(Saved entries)
◆ ◆ ◆ ◆ ◆

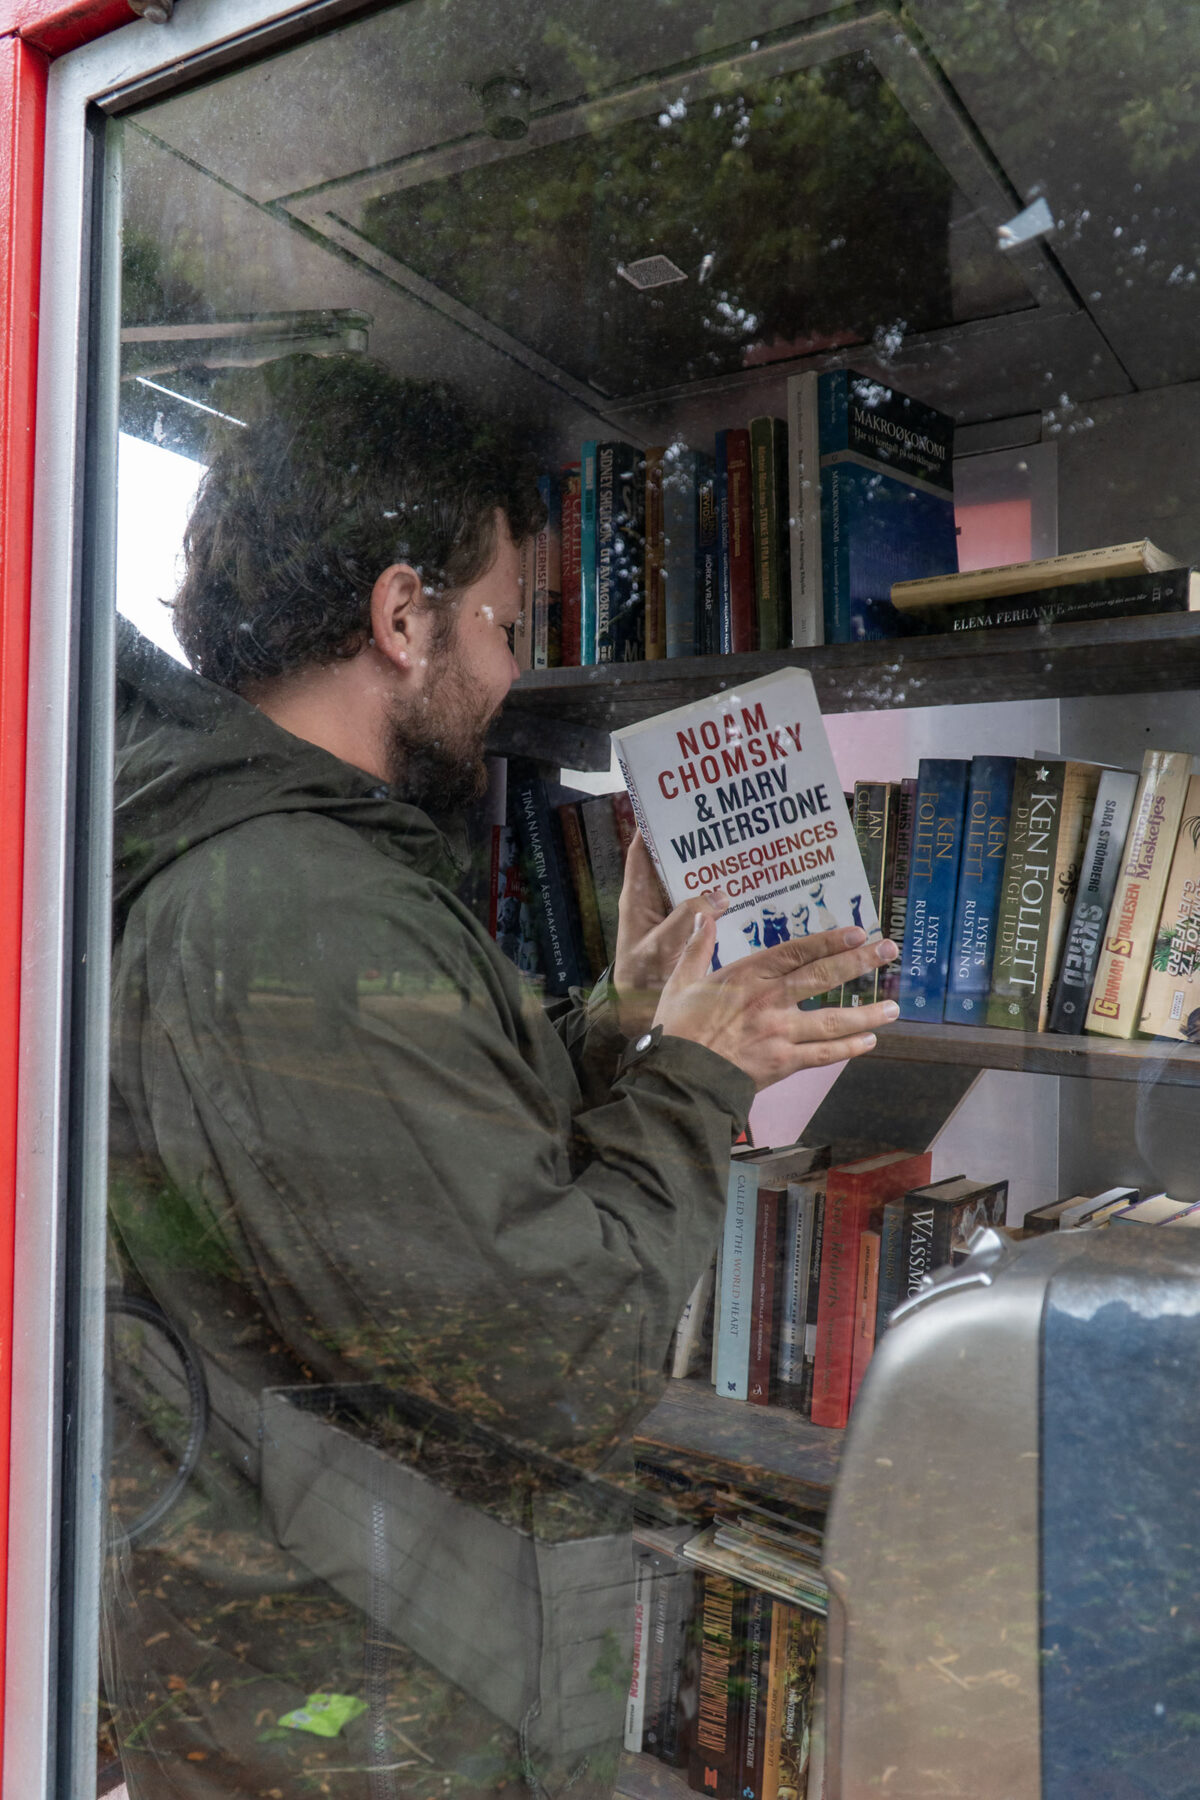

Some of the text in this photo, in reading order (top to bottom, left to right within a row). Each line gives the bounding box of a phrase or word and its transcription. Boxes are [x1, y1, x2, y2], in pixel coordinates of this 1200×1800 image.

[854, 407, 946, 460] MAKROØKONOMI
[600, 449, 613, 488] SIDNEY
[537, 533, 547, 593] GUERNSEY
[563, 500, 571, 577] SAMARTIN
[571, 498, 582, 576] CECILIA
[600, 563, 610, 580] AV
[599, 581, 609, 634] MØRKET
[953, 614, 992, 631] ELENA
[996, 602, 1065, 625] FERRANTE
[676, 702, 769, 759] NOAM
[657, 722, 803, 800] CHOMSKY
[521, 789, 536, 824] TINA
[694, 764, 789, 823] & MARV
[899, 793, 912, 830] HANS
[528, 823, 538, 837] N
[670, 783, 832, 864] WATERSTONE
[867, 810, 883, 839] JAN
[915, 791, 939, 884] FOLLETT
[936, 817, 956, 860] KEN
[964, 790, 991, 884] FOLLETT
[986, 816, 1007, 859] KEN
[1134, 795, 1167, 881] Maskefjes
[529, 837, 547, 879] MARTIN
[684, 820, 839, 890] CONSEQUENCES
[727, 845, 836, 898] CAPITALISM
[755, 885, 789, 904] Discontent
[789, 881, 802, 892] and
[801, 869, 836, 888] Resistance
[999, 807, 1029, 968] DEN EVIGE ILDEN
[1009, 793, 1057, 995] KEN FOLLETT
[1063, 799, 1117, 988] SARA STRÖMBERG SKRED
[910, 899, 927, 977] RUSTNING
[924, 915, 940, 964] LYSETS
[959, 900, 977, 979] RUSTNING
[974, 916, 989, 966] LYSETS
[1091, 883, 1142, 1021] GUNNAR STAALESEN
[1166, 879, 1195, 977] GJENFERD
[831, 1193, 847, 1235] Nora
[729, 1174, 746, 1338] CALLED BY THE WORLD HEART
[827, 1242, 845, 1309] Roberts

◆ ◆ ◆ ◆ ◆

- Work to complete: Please, without any pictures, retype the records exactly as they appear.

- Output of the exercise:
Some of the text in this photo, in reading order (top to bottom, left to right within a row). Each line gives the bounding box of a phrase or word and its transcription. Boxes are [x1, y1, x2, y2], in pixel coordinates of this 1200×1800 image.

[854, 407, 946, 460] MAKROØKONOMI
[600, 449, 613, 488] SIDNEY
[537, 533, 547, 593] GUERNSEY
[563, 500, 571, 577] SAMARTIN
[571, 498, 582, 576] CECILIA
[600, 563, 610, 580] AV
[599, 581, 609, 634] MØRKET
[953, 614, 992, 631] ELENA
[996, 602, 1065, 625] FERRANTE
[676, 702, 769, 759] NOAM
[657, 722, 803, 800] CHOMSKY
[521, 789, 536, 824] TINA
[694, 764, 789, 823] & MARV
[899, 793, 912, 830] HANS
[528, 823, 538, 837] N
[670, 783, 832, 864] WATERSTONE
[867, 810, 883, 839] JAN
[915, 791, 939, 884] FOLLETT
[936, 817, 956, 860] KEN
[964, 790, 991, 884] FOLLETT
[986, 816, 1007, 859] KEN
[1134, 795, 1167, 881] Maskefjes
[529, 837, 547, 879] MARTIN
[684, 820, 839, 890] CONSEQUENCES
[727, 845, 836, 898] CAPITALISM
[755, 885, 789, 904] Discontent
[789, 881, 802, 892] and
[801, 869, 836, 888] Resistance
[999, 807, 1029, 968] DEN EVIGE ILDEN
[1009, 793, 1057, 995] KEN FOLLETT
[1063, 799, 1117, 988] SARA STRÖMBERG SKRED
[910, 899, 927, 977] RUSTNING
[924, 915, 940, 964] LYSETS
[959, 900, 977, 979] RUSTNING
[974, 916, 989, 966] LYSETS
[1091, 883, 1142, 1021] GUNNAR STAALESEN
[1166, 879, 1195, 977] GJENFERD
[831, 1193, 847, 1235] Nora
[729, 1174, 746, 1338] CALLED BY THE WORLD HEART
[827, 1242, 845, 1309] Roberts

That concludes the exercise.